Just wanted to say I really applaud and respect you. These days, too often people get what 'they want' without thinking about the implications for the dog. The biggest reason for dogs being put into rescue is that they cannot cope being left alone while the owner works. It is so sad - when I was young people didn't get a dog unless there was someone there for a lot of the day - things have changed so much.

Completely respect you and I wish more people felt that way.


----------



## Sarah1983 (Nov 2, 2011)

lilythepink said:


> If I asked my mini dakkie to go for a walk on a cold and wet miserable january morning at 6am before I left for work I think he would head for the hills.lol. Wish I could be so dedicated.lol
> 
> He sleeps in a crate at night but doesn't like to be disturbed until at least noon on a good day and even later if its cold.
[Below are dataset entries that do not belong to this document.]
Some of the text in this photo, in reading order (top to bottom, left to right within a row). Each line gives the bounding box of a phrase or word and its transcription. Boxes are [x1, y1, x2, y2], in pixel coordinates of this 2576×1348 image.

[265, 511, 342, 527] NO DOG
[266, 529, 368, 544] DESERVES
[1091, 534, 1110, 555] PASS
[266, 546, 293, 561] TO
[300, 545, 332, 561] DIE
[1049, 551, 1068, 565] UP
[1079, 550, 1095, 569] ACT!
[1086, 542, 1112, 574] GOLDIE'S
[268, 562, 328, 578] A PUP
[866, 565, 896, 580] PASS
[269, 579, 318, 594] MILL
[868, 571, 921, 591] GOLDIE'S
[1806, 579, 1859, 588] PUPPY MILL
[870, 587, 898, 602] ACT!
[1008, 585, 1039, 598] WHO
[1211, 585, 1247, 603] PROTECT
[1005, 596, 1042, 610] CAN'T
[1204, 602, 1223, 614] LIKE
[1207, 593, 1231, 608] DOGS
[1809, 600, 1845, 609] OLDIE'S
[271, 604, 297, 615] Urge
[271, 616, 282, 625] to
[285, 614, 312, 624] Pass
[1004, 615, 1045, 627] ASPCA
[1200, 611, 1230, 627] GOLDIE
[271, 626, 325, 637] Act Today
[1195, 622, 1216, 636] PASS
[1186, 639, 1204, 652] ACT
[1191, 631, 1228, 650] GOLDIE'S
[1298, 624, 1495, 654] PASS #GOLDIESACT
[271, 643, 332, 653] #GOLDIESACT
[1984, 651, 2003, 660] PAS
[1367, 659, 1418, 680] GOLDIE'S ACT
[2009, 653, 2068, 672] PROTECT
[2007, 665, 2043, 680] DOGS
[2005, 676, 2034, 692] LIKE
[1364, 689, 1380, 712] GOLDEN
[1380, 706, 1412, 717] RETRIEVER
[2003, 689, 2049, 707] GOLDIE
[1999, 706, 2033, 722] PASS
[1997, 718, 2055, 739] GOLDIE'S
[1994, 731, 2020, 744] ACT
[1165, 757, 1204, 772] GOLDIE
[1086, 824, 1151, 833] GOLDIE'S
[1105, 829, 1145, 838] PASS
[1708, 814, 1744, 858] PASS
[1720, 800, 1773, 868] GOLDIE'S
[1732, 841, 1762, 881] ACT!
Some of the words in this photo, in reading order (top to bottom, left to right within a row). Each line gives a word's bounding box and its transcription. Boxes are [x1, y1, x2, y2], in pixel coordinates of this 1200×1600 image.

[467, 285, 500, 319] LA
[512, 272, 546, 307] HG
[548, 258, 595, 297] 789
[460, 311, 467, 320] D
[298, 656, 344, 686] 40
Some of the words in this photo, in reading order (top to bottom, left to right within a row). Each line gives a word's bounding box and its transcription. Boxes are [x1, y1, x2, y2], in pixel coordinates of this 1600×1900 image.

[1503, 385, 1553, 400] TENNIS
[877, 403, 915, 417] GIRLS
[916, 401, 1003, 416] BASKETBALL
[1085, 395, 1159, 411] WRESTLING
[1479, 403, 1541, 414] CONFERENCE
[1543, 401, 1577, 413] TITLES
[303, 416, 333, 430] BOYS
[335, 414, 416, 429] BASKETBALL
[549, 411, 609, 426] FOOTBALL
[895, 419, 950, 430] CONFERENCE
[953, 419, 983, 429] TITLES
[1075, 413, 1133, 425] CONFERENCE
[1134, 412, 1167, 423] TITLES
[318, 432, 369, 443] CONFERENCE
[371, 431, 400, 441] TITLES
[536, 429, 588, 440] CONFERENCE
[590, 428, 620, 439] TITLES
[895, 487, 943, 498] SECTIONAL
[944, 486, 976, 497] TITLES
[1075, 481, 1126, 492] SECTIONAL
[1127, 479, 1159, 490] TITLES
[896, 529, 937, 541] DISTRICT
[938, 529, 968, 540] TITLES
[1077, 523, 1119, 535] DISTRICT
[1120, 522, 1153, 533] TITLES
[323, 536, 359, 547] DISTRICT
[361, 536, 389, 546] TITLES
I left for work at 6am and got home at 7:30pm when I worked a day shift, Rupert was dragged out at 5am, kicking and screaming if necessary. He was far from a morning dog lol. But he needed that walk. My ex left at 10am and was home by 4pm but he did nothing with him except take him out for a pee before leaving and on getting home and then be in the house with him.


----------



## lilythepink (Jul 24, 2013)

Sarah1983 said:


> I left for work at 6am and got home at 7:30pm when I worked a day shift, Rupert was dragged out at 5am, kicking and screaming if necessary. He was far from a morning dog lol. But he needed that walk. My ex left at 10am and was home by 4pm but he did nothing with him except take him out for a pee before leaving and on getting home and then be in the house with him.


I consider myself very very lucky....I am at home all day and we have a farm so when the dakkie eventually decides to wake up, he can go outside and play for as long as he likes...or doesn't.There is no time factor.


----------



## MollySmith (May 7, 2012)

We wanted a dog from the moment we got a house together. But I was working long hours in a publishing firm, my husband was on a mix of different shifts including nights plus overtime. We got a much loved cat instead who gave us an insight in responsibilities that pets bring without the rigours of a dog. Dogs are awesome but we waited until my husband retired before we rescued Molly.

You have to think about cost. A dog walker plus training classes and then all the obvious costs of having a dog add up. That's 5 times a week every week apart from holidays. That is a lot of money.

Often we can't plan out life and we may have a dog and an unexpected change in circumstances mean that we need to get in dog walkers. My husband was in a neurology ward for a week two months after we got Molly and then in a very delicate state at home for a month after his discharge from hospital. I managed to get a dog walker and had to take time of work. When I was working, an hours commute from home each way, getting home to deal with Molly was exhausting. She was going through adolesence so much more demanding than she is now and despite a walk in the day, she needed a small walk and training. 

But if you have the chance to think it over do so with the dog in mind and not what you want. It may seem like a utopian vision of furry happiness but dogs have demands. Don't underestimate that. Have you thought of volunteer walking at shelters to bridge the gap?


----------



## catz4m8z (Aug 27, 2008)

I think it can work...but mainly for those people who are willing to dedicate every other waking minute to their dogs welfare! Like those folk on here who get up at stupid o'clock to walk their dogs before work, tramp out in the rain and wind after work for hours, hire dog walkers/daycare, and spend all weekend on dog based activities!!
I knew I couldnt be that dedicated so I waited for years until I was working permenant nightshifts to get a dog! My lot do get left alone overnight (usually only for a few hours but can be up to 12) and they are fine with it. But as I have companion breeds I really wouldnt be happy about leaving them alone all day, every day....thats the thing about alot of small breeds too, they really dont like being without their people.


----------



## BessieDog (May 16, 2012)

I'll go against the grain here.

I have made it work, and I believe getting a dog as a puppy is the best way to go about it. 

For the first couple of months you'll need to come home at lunchtime to feed and let him/her out into the garden. It's best to build up to it by leaving just for a couple of hours at a time, and then building up from there. So if you can take some time off work, and then work half days, for example, to gradually get the pup used to being alone.

I've found that when I was working, if I had a day off my dog would just sleep all day as that was what he had been used to doing. I didn't employ a dog walker, I just walked before and after work.

It's best if you have a room that you can make safe for the puppy, and leave toys around so he/she can amuse themselves if they want. Never leave a puppy or dog in a crate for 8 hours - that's cruel! 

Be prepared that house training may take longer (but not necessarily - it depends on the dog!), and also be prepared to spend your evenings playing with and training your pup. You cannot expect them to sleep all day, and then give you quiet time in the evening. 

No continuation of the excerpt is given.